**Action item**
Restate exactly, please, each line of the listing from the one with "this 2528×1422 image." to the last, including both.

**Records for the task**
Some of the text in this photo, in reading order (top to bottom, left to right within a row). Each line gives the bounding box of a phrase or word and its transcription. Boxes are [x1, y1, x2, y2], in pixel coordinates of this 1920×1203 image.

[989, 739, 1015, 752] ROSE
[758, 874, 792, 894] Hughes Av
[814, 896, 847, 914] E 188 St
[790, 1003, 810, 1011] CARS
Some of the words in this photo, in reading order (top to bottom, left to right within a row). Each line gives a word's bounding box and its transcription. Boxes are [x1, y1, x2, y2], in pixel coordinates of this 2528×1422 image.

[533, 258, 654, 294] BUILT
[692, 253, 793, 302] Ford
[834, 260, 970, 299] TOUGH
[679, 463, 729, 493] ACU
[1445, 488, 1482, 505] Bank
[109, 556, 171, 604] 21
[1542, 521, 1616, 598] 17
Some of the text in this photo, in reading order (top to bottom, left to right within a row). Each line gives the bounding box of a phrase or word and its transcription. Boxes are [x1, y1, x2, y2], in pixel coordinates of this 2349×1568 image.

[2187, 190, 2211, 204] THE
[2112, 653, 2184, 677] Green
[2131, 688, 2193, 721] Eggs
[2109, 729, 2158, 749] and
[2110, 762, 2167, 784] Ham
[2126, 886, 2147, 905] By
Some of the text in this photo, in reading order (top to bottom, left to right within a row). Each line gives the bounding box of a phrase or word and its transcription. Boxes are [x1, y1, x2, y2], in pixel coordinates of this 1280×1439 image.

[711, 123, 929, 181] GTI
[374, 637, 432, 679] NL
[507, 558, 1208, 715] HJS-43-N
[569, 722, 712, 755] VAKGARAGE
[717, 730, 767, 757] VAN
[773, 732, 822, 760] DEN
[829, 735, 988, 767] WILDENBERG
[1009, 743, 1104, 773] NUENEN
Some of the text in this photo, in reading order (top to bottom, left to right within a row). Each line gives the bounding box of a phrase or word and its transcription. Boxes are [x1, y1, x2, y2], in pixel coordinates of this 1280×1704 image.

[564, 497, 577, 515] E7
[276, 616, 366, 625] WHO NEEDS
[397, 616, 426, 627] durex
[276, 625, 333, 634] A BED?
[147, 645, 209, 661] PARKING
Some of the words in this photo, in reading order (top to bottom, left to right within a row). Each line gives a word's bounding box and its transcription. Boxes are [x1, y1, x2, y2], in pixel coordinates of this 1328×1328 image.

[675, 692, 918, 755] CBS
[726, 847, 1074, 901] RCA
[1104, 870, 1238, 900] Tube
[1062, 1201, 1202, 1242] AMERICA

**Exercise output**
Some of the words in this photo, in reading order (top to bottom, left to right within a row). Each line gives a word's bounding box and its transcription. Boxes are [x1, y1, x2, y2], in pixel coordinates of this 2528×1422 image.

[533, 258, 654, 294] BUILT
[692, 253, 793, 302] Ford
[834, 260, 970, 299] TOUGH
[679, 463, 729, 493] ACU
[1445, 488, 1482, 505] Bank
[109, 556, 171, 604] 21
[1542, 521, 1616, 598] 17
Some of the text in this photo, in reading order (top to bottom, left to right within a row). Each line gives the bounding box of a phrase or word and its transcription. Boxes are [x1, y1, x2, y2], in pixel coordinates of this 2349×1568 image.

[2187, 190, 2211, 204] THE
[2112, 653, 2184, 677] Green
[2131, 688, 2193, 721] Eggs
[2109, 729, 2158, 749] and
[2110, 762, 2167, 784] Ham
[2126, 886, 2147, 905] By
Some of the text in this photo, in reading order (top to bottom, left to right within a row). Each line gives the bounding box of a phrase or word and its transcription. Boxes are [x1, y1, x2, y2], in pixel coordinates of this 1280×1439 image.

[711, 123, 929, 181] GTI
[374, 637, 432, 679] NL
[507, 558, 1208, 715] HJS-43-N
[569, 722, 712, 755] VAKGARAGE
[717, 730, 767, 757] VAN
[773, 732, 822, 760] DEN
[829, 735, 988, 767] WILDENBERG
[1009, 743, 1104, 773] NUENEN
Some of the text in this photo, in reading order (top to bottom, left to right within a row). Each line gives the bounding box of a phrase or word and its transcription. Boxes are [x1, y1, x2, y2], in pixel coordinates of this 1280×1704 image.

[564, 497, 577, 515] E7
[276, 616, 366, 625] WHO NEEDS
[397, 616, 426, 627] durex
[276, 625, 333, 634] A BED?
[147, 645, 209, 661] PARKING
Some of the words in this photo, in reading order (top to bottom, left to right within a row). Each line gives a word's bounding box and its transcription. Boxes are [x1, y1, x2, y2], in pixel coordinates of this 1328×1328 image.

[675, 692, 918, 755] CBS
[726, 847, 1074, 901] RCA
[1104, 870, 1238, 900] Tube
[1062, 1201, 1202, 1242] AMERICA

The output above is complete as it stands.